Core Data Structure: Trie

import heapq
from collections import defaultdict
from typing import Optional

class TrieNode:
    def __init__(self):
        self.children: dict[str, 'TrieNode'] = {}
        self.is_end: bool = False
        self.frequency: int = 0
        # Optimization: cache top-k suggestions at each node
        # Avoids DFS on every query — O(1) lookup vs O(prefix_subtree)
        self.top_suggestions: list[tuple[int, str]] = []  # [(freq, word)]

class Trie:
    def __init__(self, top_k: int = 10):
        self.root = TrieNode()
        self.top_k = top_k

    def insert(self, word: str, frequency: int):
        """Insert word with frequency, update top-k at each prefix node"""
        node = self.root
        for char in word:
            if char not in node.children:
                node.children[char] = TrieNode()
            node = node.children[char]
            # Update top-k suggestions cached at this node
            self._update_top_k(node, word, frequency)
        node.is_end = True
        node.frequency = frequency

    def _update_top_k(self, node: TrieNode, word: str, frequency: int):
        """Maintain top-k heap at each node"""
        # Remove existing entry for this word if present
        node.top_suggestions = [
            (f, w) for f, w in node.top_suggestions if w != word
        ]
        node.top_suggestions.append((frequency, word))
        # Keep only top-k by frequency (max-heap by negating freq)
        node.top_suggestions = heapq.nlargest(
            self.top_k, node.top_suggestions, key=lambda x: x[0]
        )

    def search(self, prefix: str) -> list[str]:
        """Return top-k suggestions for prefix in O(len(prefix))"""
        node = self.root
        for char in prefix:
            if char not in node.children:
                return []  # No suggestions for this prefix
            node = node.children[char]

        # Return pre-computed top-k sorted by frequency descending
        suggestions = sorted(node.top_suggestions, key=lambda x: -x[0])
        return [word for _, word in suggestions]
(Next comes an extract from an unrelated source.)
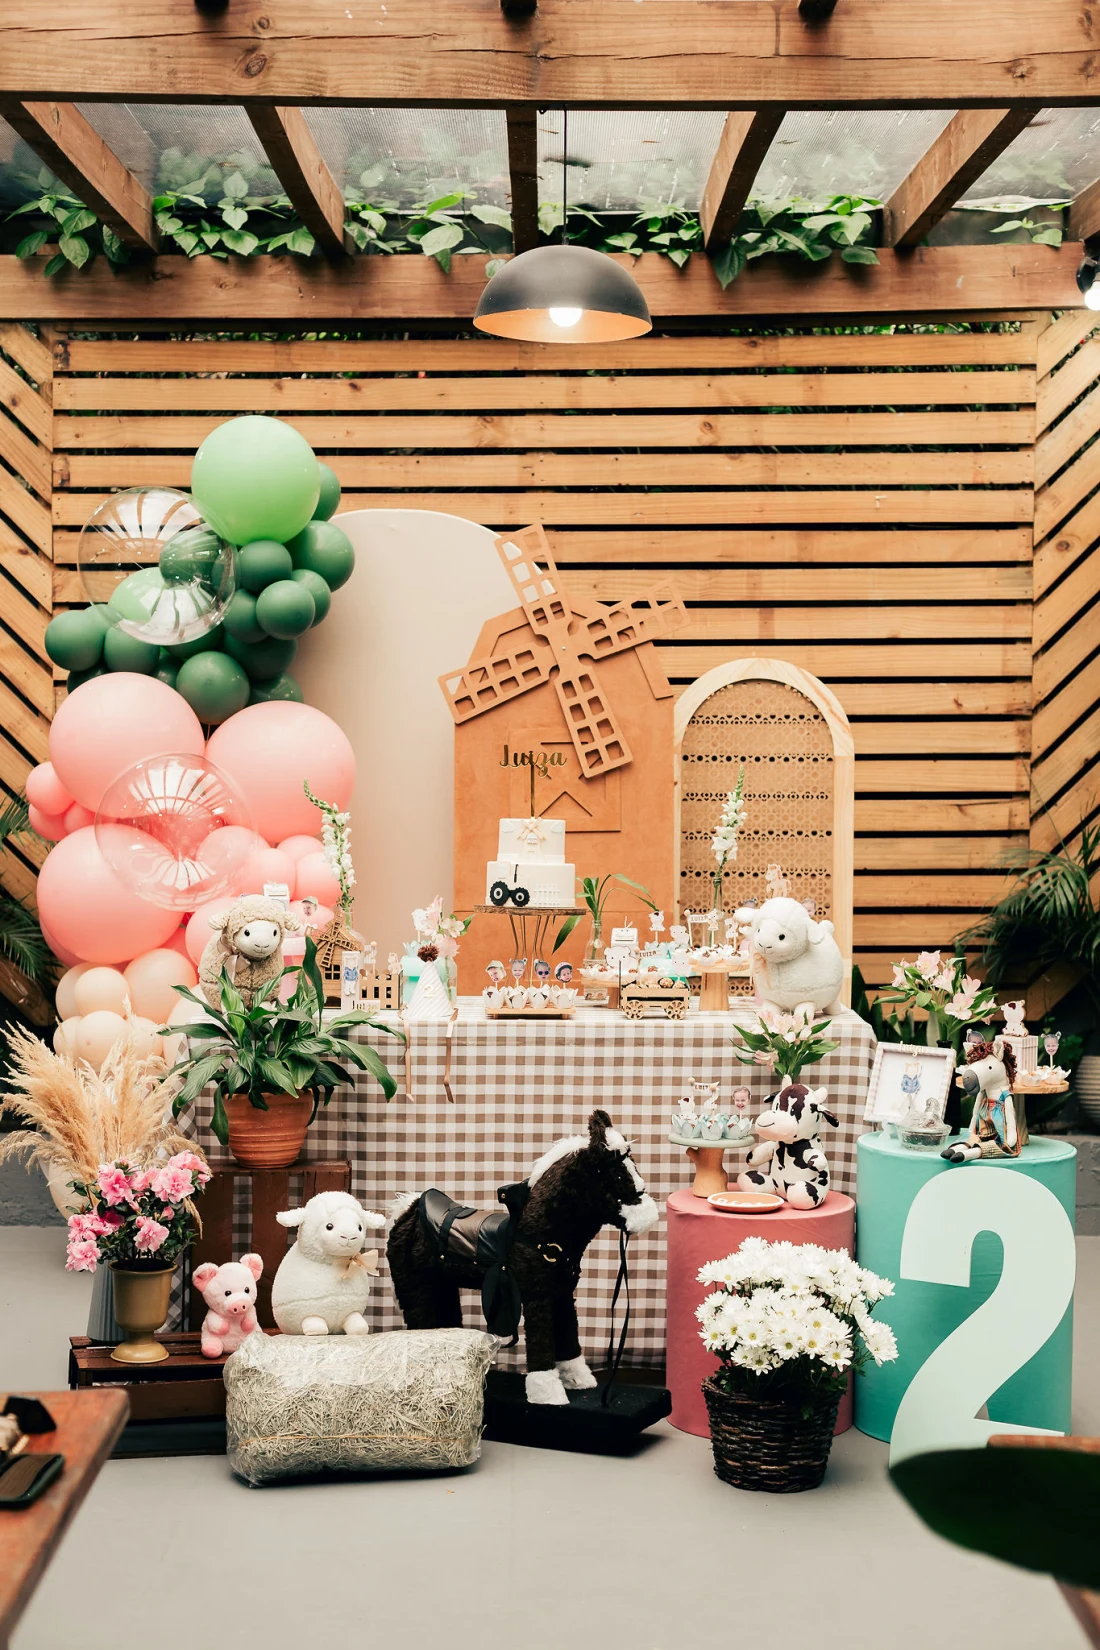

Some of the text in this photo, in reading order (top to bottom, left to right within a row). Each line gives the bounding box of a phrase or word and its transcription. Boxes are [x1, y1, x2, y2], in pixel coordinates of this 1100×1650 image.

    def get_top_k_from_subtree(self, node: TrieNode) -> list[tuple[int, str]]:
        """DFS to collect all words in subtree (used when building index, not serving)"""
        results = []
        stack = [(node, "")]

        while stack:
            curr, prefix = stack.pop()
            if curr.is_end:
                results.append((curr.frequency, prefix))
            for char, child in curr.children.items():
                stack.append((child, prefix + char))

        return heapq.nlargest(self.top_k, results, key=lambda x: x[0])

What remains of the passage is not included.